Arrêt maladie : Un support papier repensé pour verrouiller les abus

Le nouveau formulaire Cerfa destiné aux arrêts maladie physiques marque une rupture avec les pratiques antérieures. Doté de caractéristiques techniques avancées – papier infalsifiable, encres spéciales, étiquettes holographiques et éléments de traçabilité du prescripteur – ce document remplace les modèles jugés vulnérables jusqu’ici. L’accès exclusif via le portail professionnel amelipro renforce la fiabilité du processus.

Derrière cette évolution, une volonté ferme : endiguer la fraude croissante aux indemnités journalières. « Les arrêts de travail frauduleux ont représenté un préjudice de 42 millions d’euros en 2024 », alerte la Caisse nationale d’Assurance maladie. Des réseaux organisés exploitent en effet les failles des anciens formats, avec parfois plusieurs dizaines de milliers de bénéficiaires fictifs.
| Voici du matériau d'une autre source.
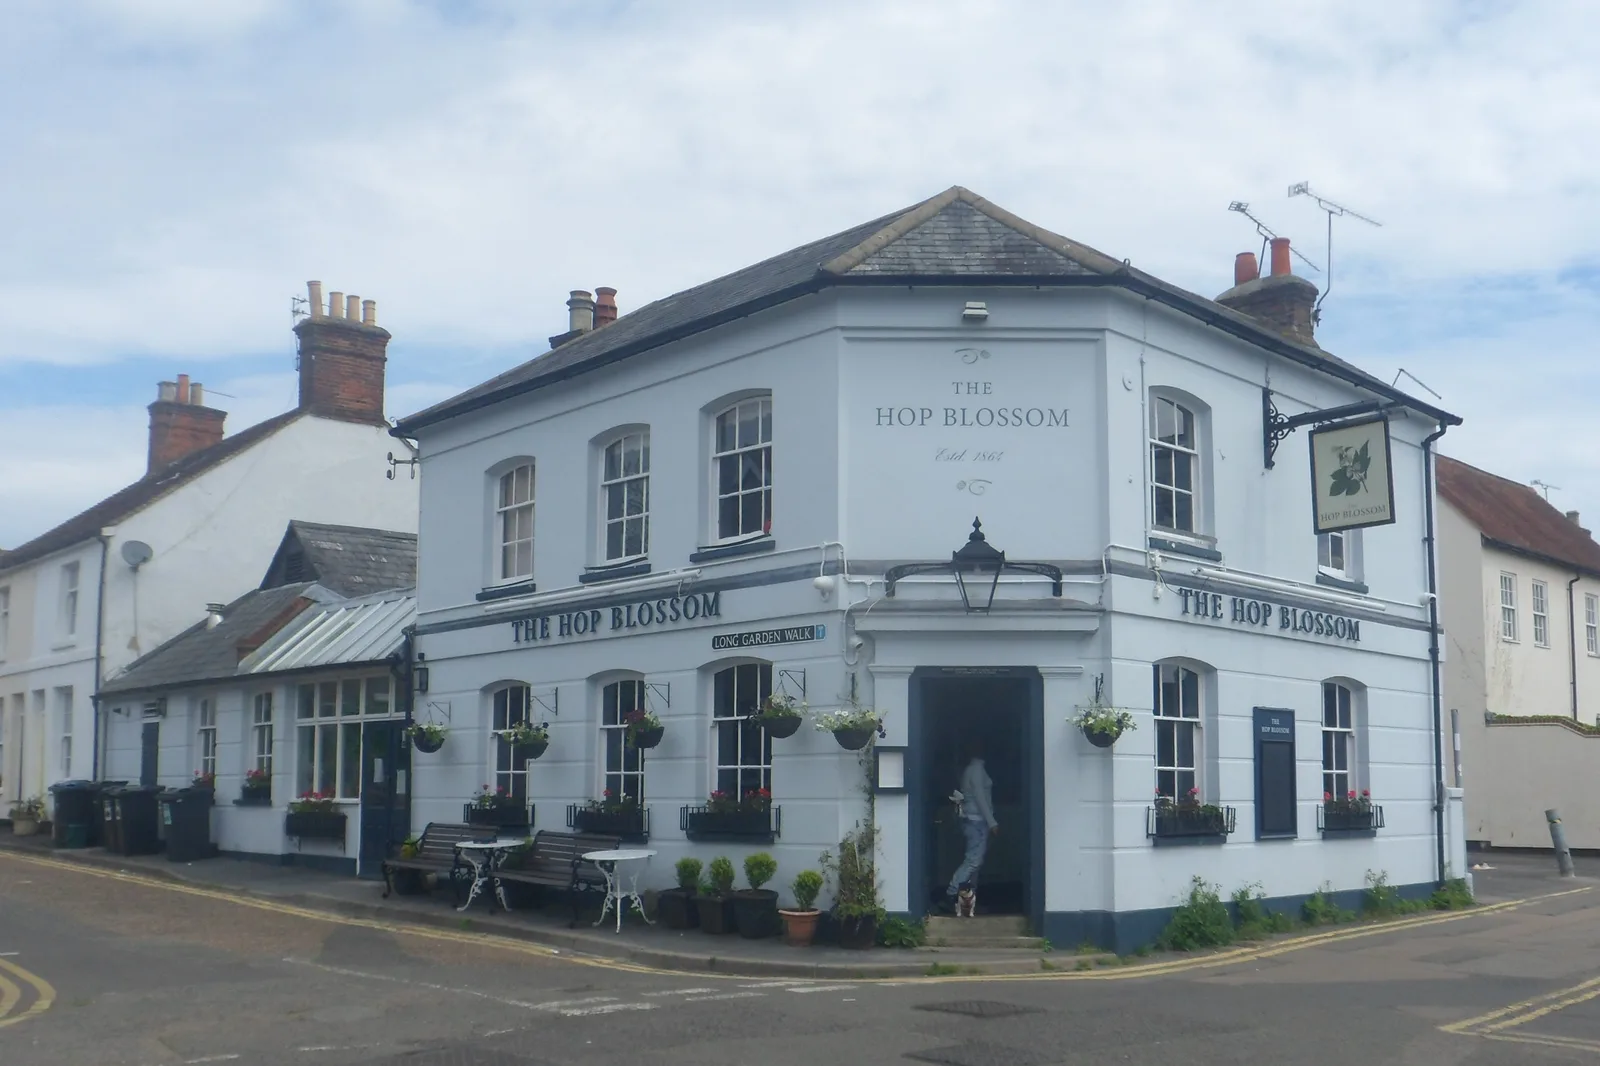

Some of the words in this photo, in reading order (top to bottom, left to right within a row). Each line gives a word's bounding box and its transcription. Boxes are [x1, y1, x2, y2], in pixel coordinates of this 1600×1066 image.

Des sanctions sévères et un virage vers le tout-numérique

À compter de juillet, tout document imprimé sans passer par le canal officiel sera rejeté sans appel. Finies les photocopies, impressions hors cadre réglementaire ou versions issues de logiciels non certifiés. Ce durcissement accompagne la politique plus large de maîtrise des dépenses de santé, alors que l’objectif gouvernemental vise 40 milliards d’euros d’économies d’ici 2026.

Dans cette optique, la télétransmission s’impose progressivement comme la norme. Plus de 21 millions de salariés ou travailleurs indépendants sont concernés chaque année par au moins un arrêt maladie : pour tous, la voie dématérialisée via amelipro est désormais privilégiée. « Le numérique garantit une traçabilité maximale et limite considérablement les risques de falsification », précise l’Assurance maladie, qui espère limiter les exceptions (consultations à domicile, pannes de connexion…) au strict nécessaire.